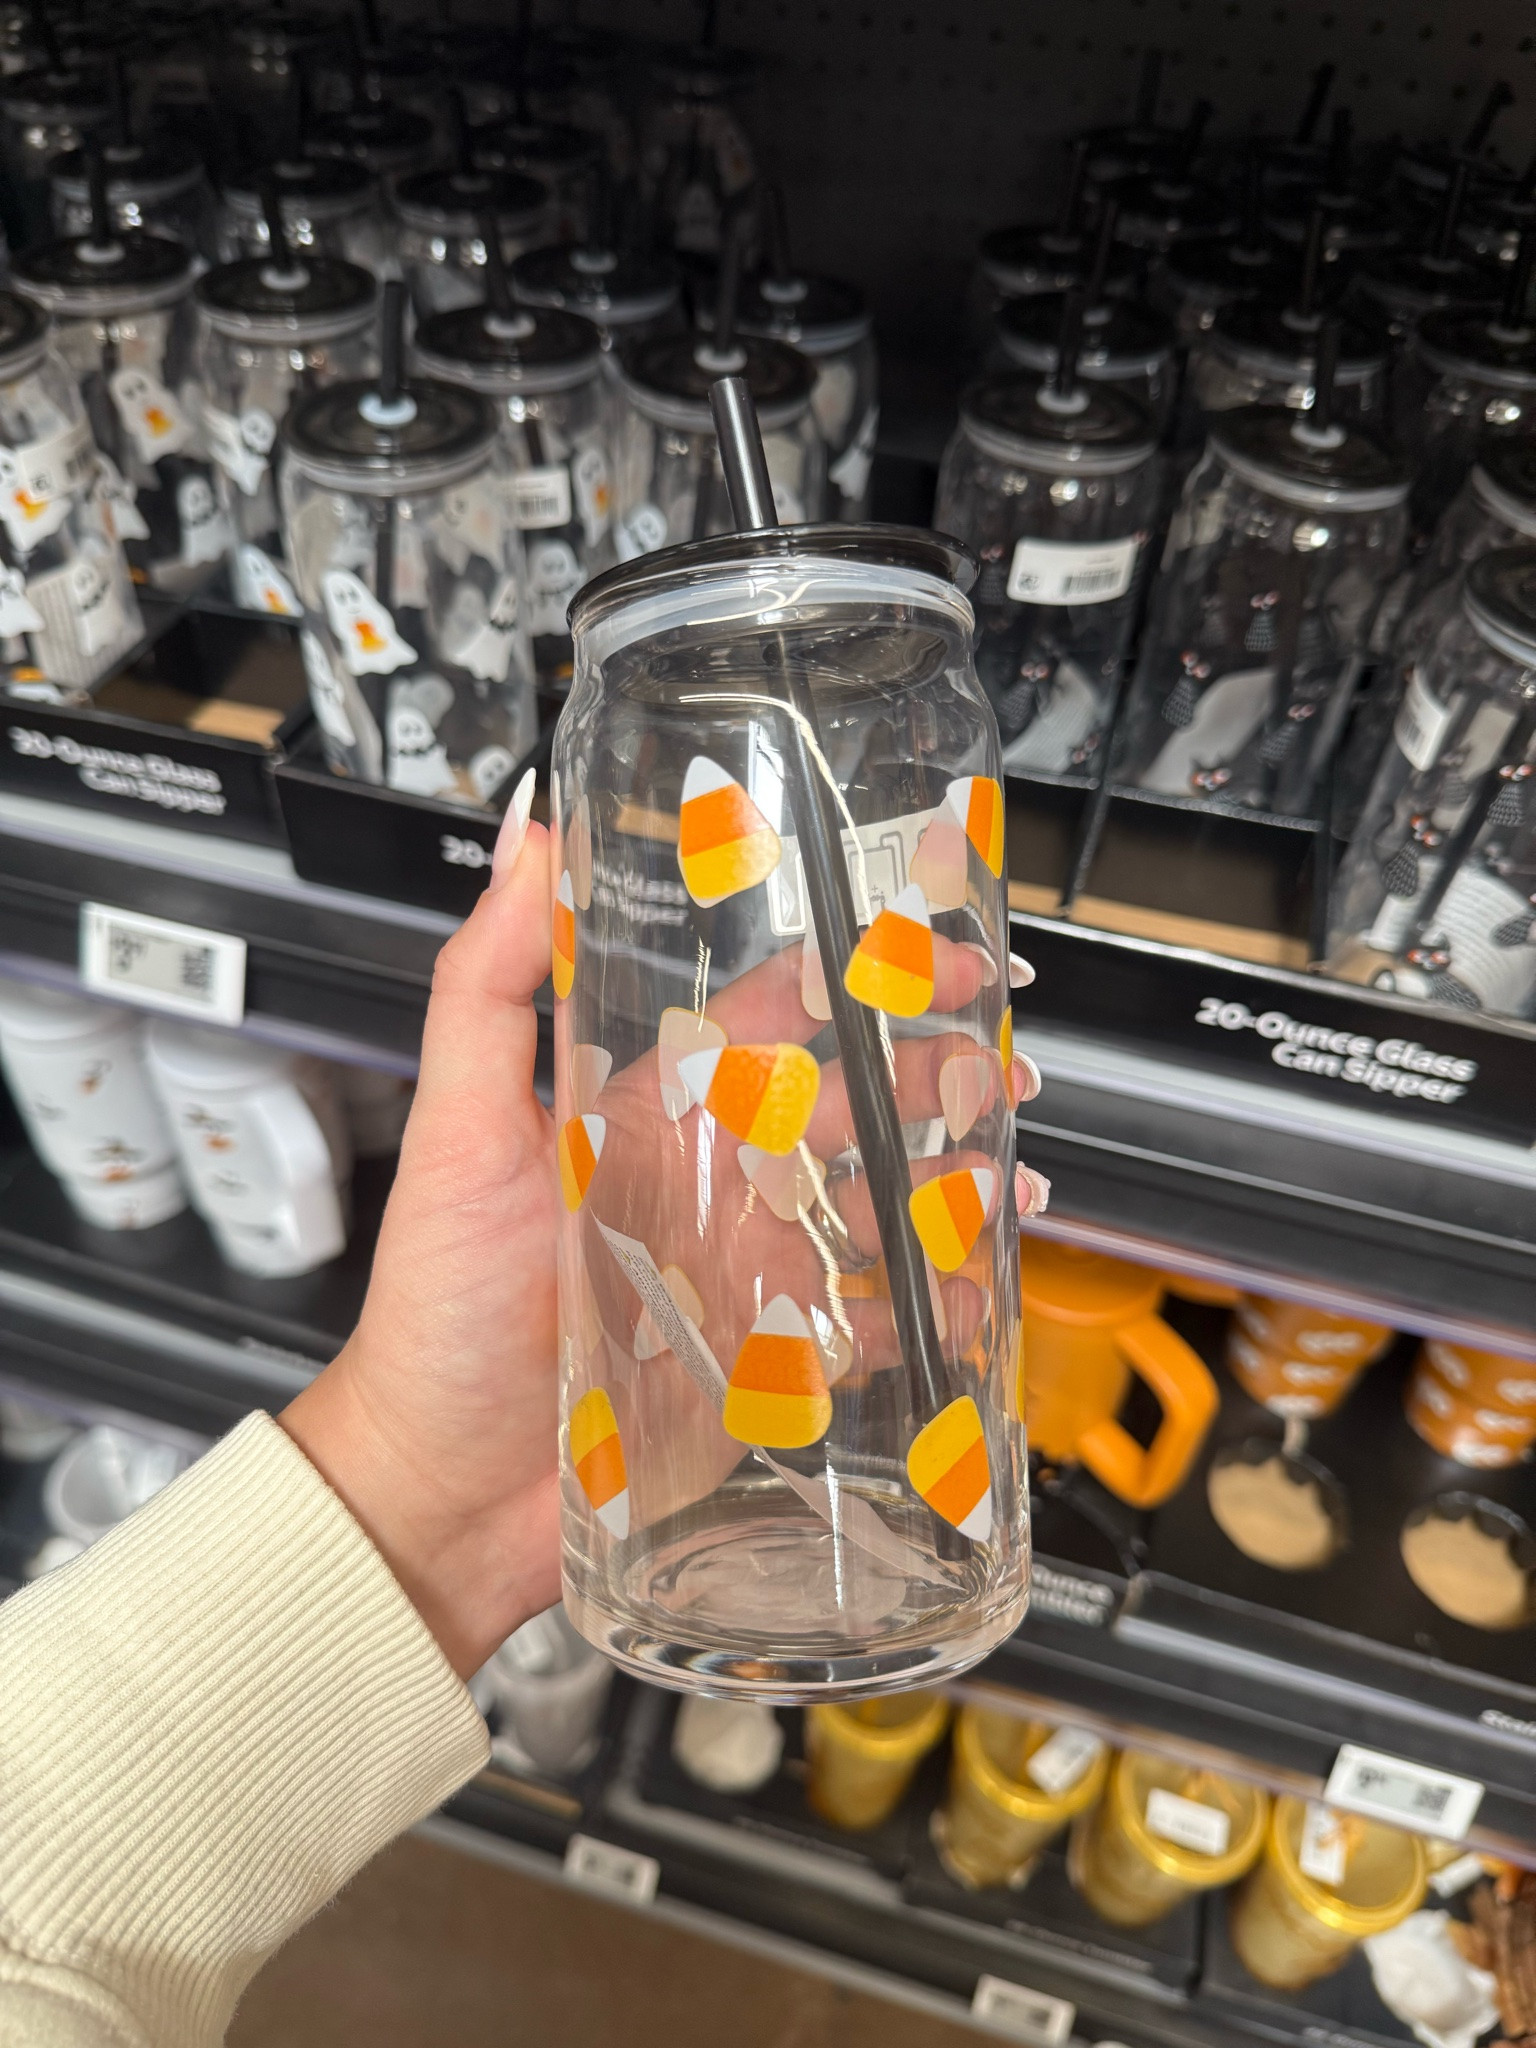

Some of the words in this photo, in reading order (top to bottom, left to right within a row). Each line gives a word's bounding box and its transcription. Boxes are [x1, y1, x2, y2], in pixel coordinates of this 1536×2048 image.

[79, 766, 138, 798] Can
[137, 778, 227, 816] Sipper
[141, 752, 223, 793] Glass
[1195, 997, 1378, 1059] 20-Ounce
[1375, 1038, 1480, 1083] Glass
[1271, 1041, 1344, 1078] Can
[1341, 1055, 1468, 1104] Sipper

----

#### BRIEF
Set the listing down again exactly, skipping each picture.

#### SOLUTION TO THE PROBLEM
Some of the words in this photo, in reading order (top to bottom, left to right within a row). Each line gives a word's bounding box and its transcription. Boxes are [x1, y1, x2, y2], in pixel coordinates of this 1536×2048 image.

[79, 766, 138, 798] Can
[137, 778, 227, 816] Sipper
[141, 752, 223, 793] Glass
[1195, 997, 1378, 1059] 20-Ounce
[1375, 1038, 1480, 1083] Glass
[1271, 1041, 1344, 1078] Can
[1341, 1055, 1468, 1104] Sipper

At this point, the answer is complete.